Top of MATERIAL PROVIDED

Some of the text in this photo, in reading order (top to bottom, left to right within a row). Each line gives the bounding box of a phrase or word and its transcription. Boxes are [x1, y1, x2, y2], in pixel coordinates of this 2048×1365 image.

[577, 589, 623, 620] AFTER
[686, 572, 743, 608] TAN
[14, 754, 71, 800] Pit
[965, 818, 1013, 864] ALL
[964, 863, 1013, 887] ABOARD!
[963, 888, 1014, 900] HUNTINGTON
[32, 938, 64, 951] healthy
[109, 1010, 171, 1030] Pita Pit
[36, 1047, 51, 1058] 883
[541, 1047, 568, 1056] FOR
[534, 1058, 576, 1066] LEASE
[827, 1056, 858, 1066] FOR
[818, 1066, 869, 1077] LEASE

Bottom of MATERIAL PROVIDED

PROBLEM TO SOLVE: Output every record above a second time, exactly.

RESULT:
Some of the text in this photo, in reading order (top to bottom, left to right within a row). Each line gives the bounding box of a phrase or word and its transcription. Boxes are [x1, y1, x2, y2], in pixel coordinates of this 2048×1365 image.

[577, 589, 623, 620] AFTER
[686, 572, 743, 608] TAN
[14, 754, 71, 800] Pit
[965, 818, 1013, 864] ALL
[964, 863, 1013, 887] ABOARD!
[963, 888, 1014, 900] HUNTINGTON
[32, 938, 64, 951] healthy
[109, 1010, 171, 1030] Pita Pit
[36, 1047, 51, 1058] 883
[541, 1047, 568, 1056] FOR
[534, 1058, 576, 1066] LEASE
[827, 1056, 858, 1066] FOR
[818, 1066, 869, 1077] LEASE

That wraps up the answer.